Notre estime pour le comédien Joseph Gordon-Levitt rend d’autant plus désolante la découverte de Don Jon, son premier long métrage de réalisateur (qu’il a aussi écrit). L’argument était pourtant séduisant. Gordon-Levitt s’y donne le rôle d’un jeune homme, Jon, pris dans le cercle de ses habitudes. Soit sa famille (dominée par le père, archétype du macho italien du New Jersey, campé ironiquement et excellemment par l’ancienne star de Madame est servie Tony Danza), l’église où il se rend régulièrement pour se faire absoudre de ses péchés (voir plus loin), sa voiture d’où il peut copieusement insulter ses semblables, ses exercices d’haltérophilie pour entretenir son corps, ses copains avec qui il rivalise de considérations sexistes, les filles qu’il met dans son lit à raison d’une différente chaque semaine (d’où son surnom Don Jon)… et surtout — malgré ce qui précède et dont il est déjà pourvu — son addiction au visionnage de films porno. Parce qu’enfin, c’est vrai, quoi de mieux que des créatures bien carrossées de partout qui assouvissent tous vos fantasmes sans discuter, alors qu’avec les vraies femmes il faut toujours négocier pour faire autre chose que la position du missionnaire ? Un raisonnement et une routine qui seront mis à mal par la rencontre avec deux possibles horizons féminins, une bombe sexuelle qui croit fermement à l’amour à l’eau de rose (Scarlett Johansson) et une quinquagénaire de mœurs plus libres, mais éprouvée par l’existence (Julianne Moore).
Cercle vicié
Pourquoi le récit cinglant de cette remise d’un phallocrate adepte du plaisir solitaire, handicapé dans son rapport au sexe opposé, dans le droit chemin ne convainc-t-il absolument pas ? Parce que son attitude vis-à-vis de son sujet ne diffère guère, au fond, de la triste mentalité égocentrique de son personnage éponyme. D’abord, avec les personnages autres que ce dernier, il ne conçoit que des relations à sens unique, ne voyant en eux que leur utilité pour le personnage principal et pour lui-même. C’est notamment flagrant pour les deux femmes qui vont interférer avec le mode de vie de Jon, chacune représentant une vision du « beau sexe » n’existant que dans la perspective de la recherche de réconfort de l’homme. D’un côté, la bombe sexuelle s’avère une créature peu crédible et peu fréquentable, amatrice de comédies à l’eau de rose comme seule Disney ose encore en produire (parodie ratée de la comédie romantique américaine ?), et surtout terriblement intrusive et psychorigide, jusqu’à la monstruosité, justification trop parfaite de la misogynie. De l’autre, la quinquagénaire joue le rôle de conscience morale des actes de Jon, avant de lui faire découvrir les vertus du plaisir sexuel partagé, mais attention, c’est pour soulager des maux de l’existence (elle porte un deuil). Ainsi la dualité a‑t-elle l’effet pervers de formuler à propos du sexe une vision moralisatrice (il faudrait de bonnes raisons pour coucher, et avec la bonne personne), et surtout de ne faire des femmes que des alibis pour cette formulation, à défaut d’être des personnages convaincants.

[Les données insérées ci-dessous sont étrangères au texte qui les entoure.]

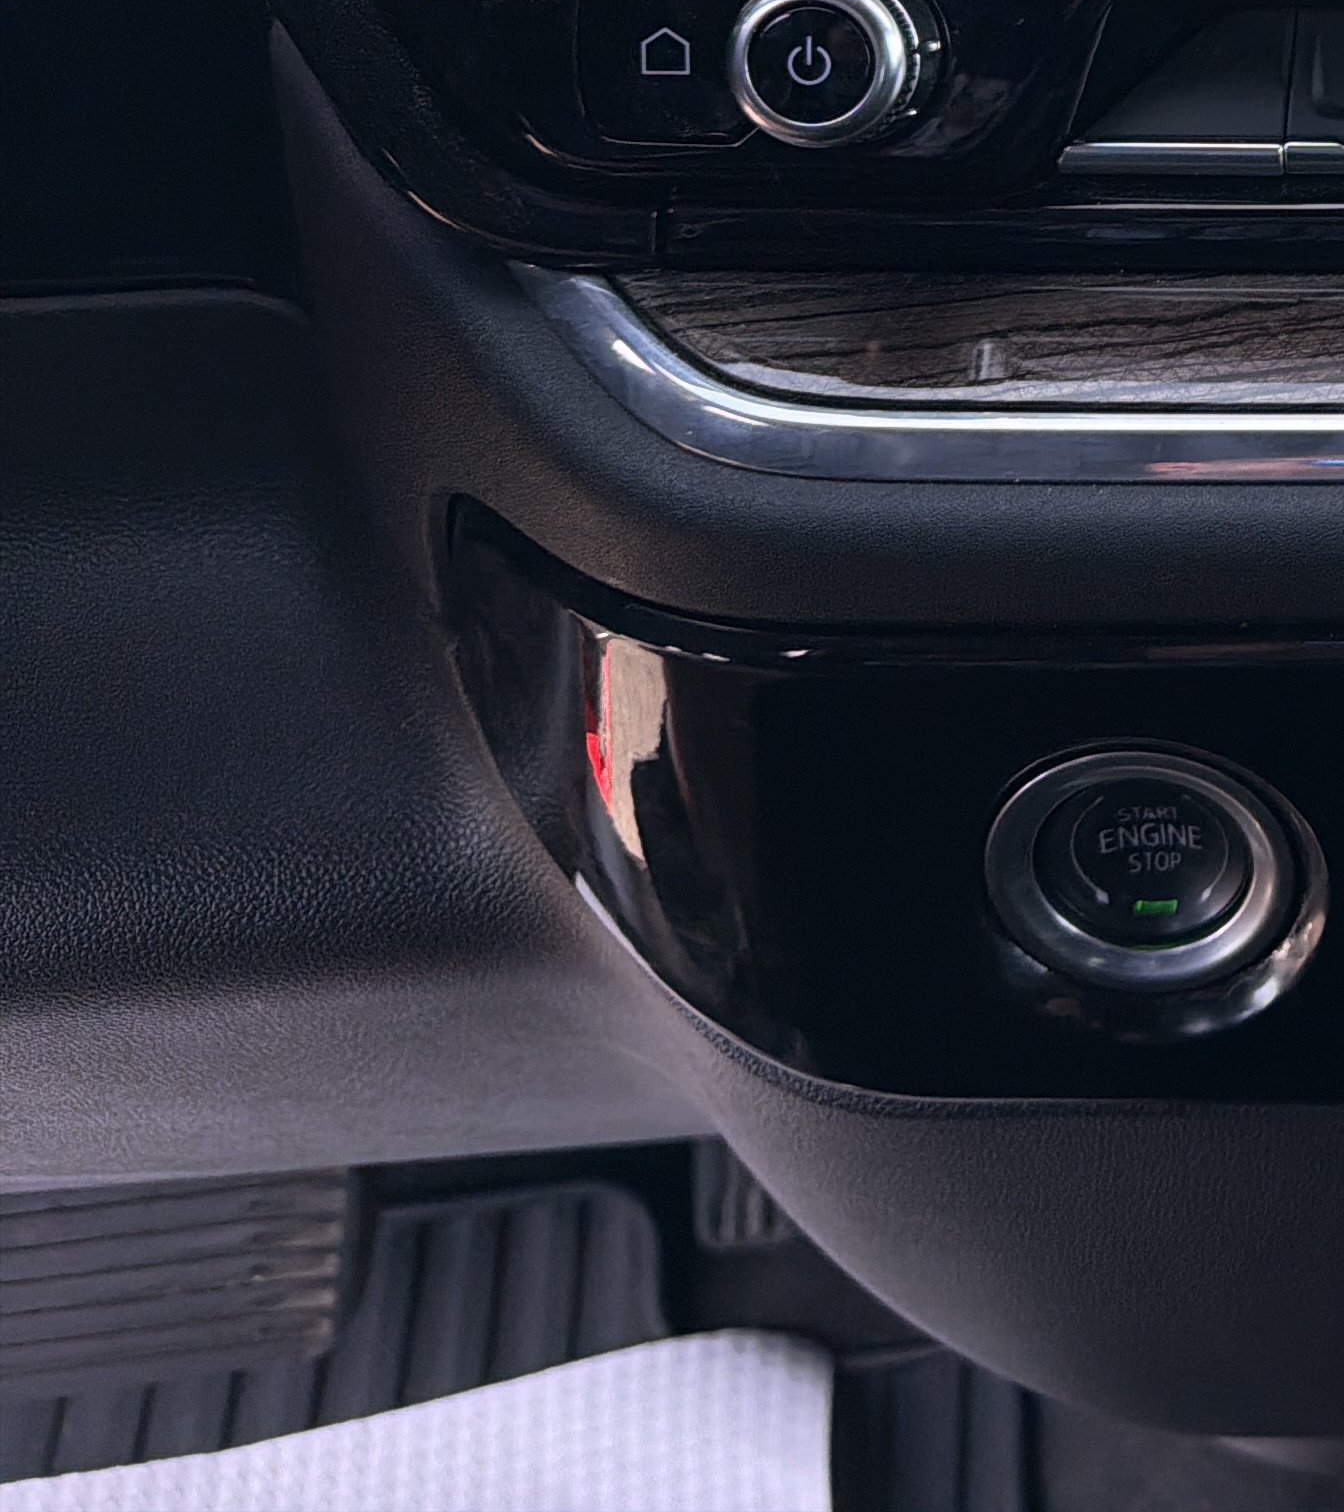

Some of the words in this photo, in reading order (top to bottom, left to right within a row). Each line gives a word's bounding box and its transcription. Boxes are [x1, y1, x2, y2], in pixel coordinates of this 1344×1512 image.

[1117, 806, 1177, 822] START
[1098, 822, 1203, 854] ENGINE
[1128, 850, 1181, 873] STOP
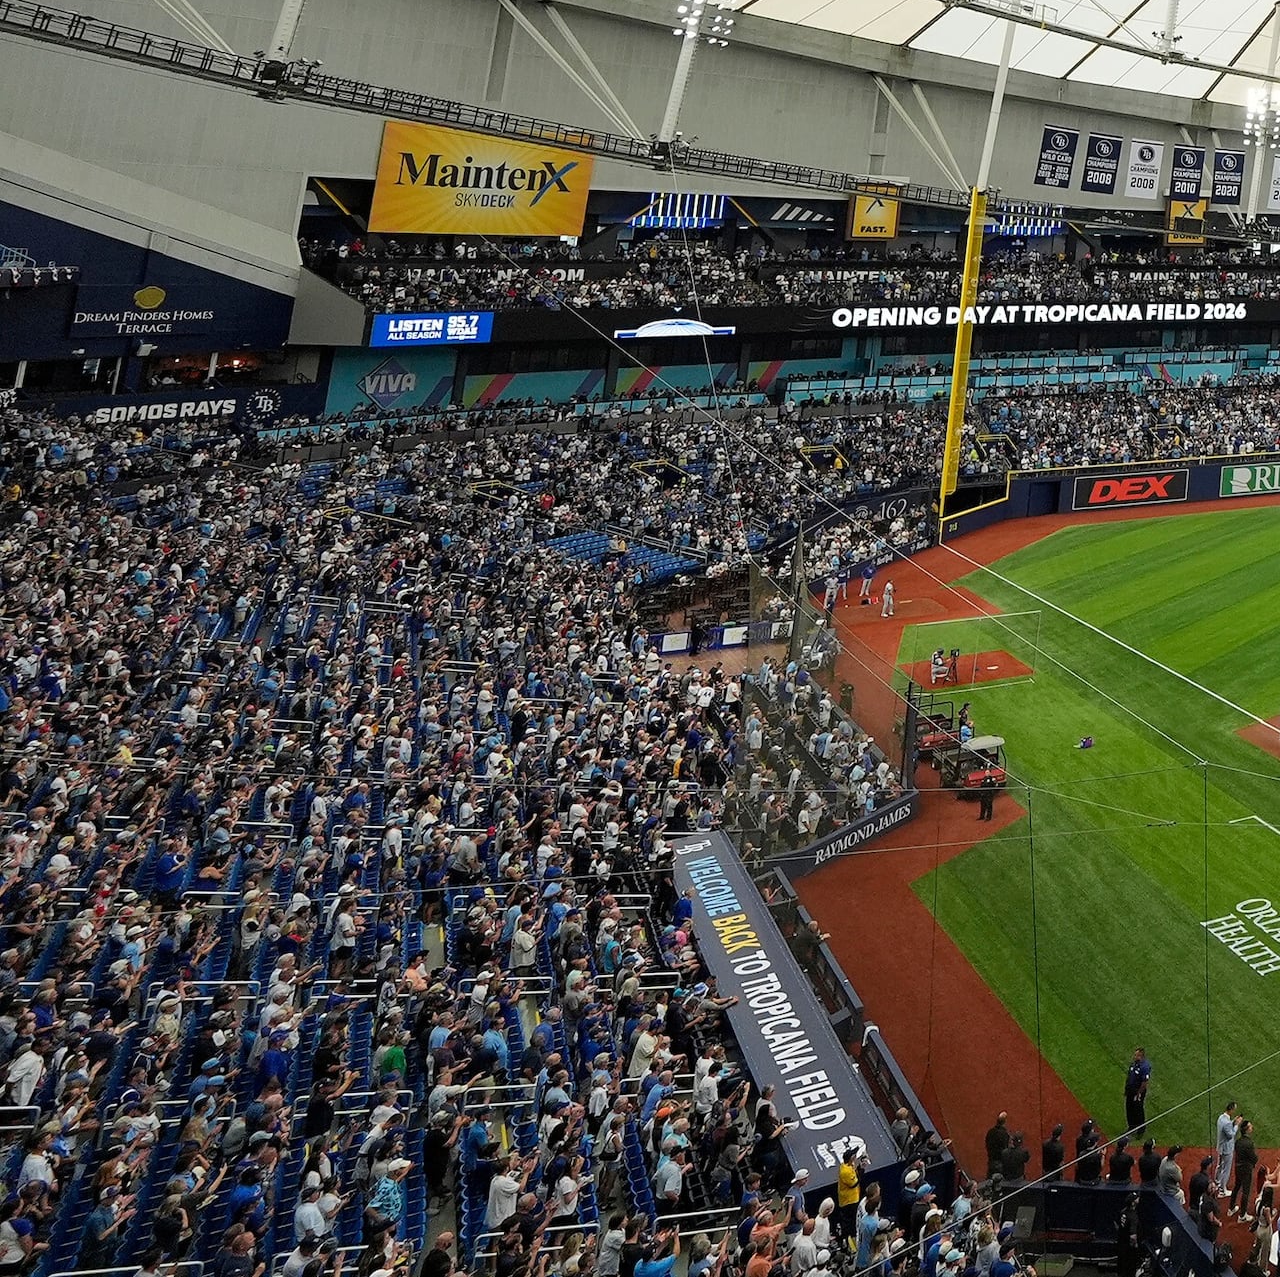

L’autre point commun fâcheux entre le film et son personnage est de tourner en rond dans la routine de ses habitudes. Gordon-Levitt trouve en effet — à tort — très intelligent de filmer cette routine en une série de boucles répétitives de scènes (en voiture, à l’église, en boîte, au lit, devant l’ordinateur, etc.), reproduisant même les positions de caméra et les musiques. Tout le film devient alors une affaire de montage de répétition, plus ou moins rapide avec une tendance à la stroboscopie quand il s’agit d’images pornographiques (pour figurer l’orgasme de Jon atteint par la masturbation). De ce régime d’images, Don Jon ne daignera jamais sortir, piégé lui-même dans la ronde de ses tics visuels, même quand, à la fin, il fera mine de contrarier les situations attendues de son personnage. Ainsi, quand celui-ci trouve enfin l’amour et le plaisir auprès d’une partenaire qui a su le toucher, leurs ébats auront-ils droit au même montage hystérique que les images pornographiques précédentes… En somme, pour atteindre le nirvana, le sexe à deux et le coup de poignet devant des performances pornographiques se vaudraient bien (ce qui contredit l’intention affichée du film). En tout cas, si Gordon-Levitt devait persévérer comme réalisateur, on espère qu’il ne s’engage pas là dans un semblable cercle vicieux.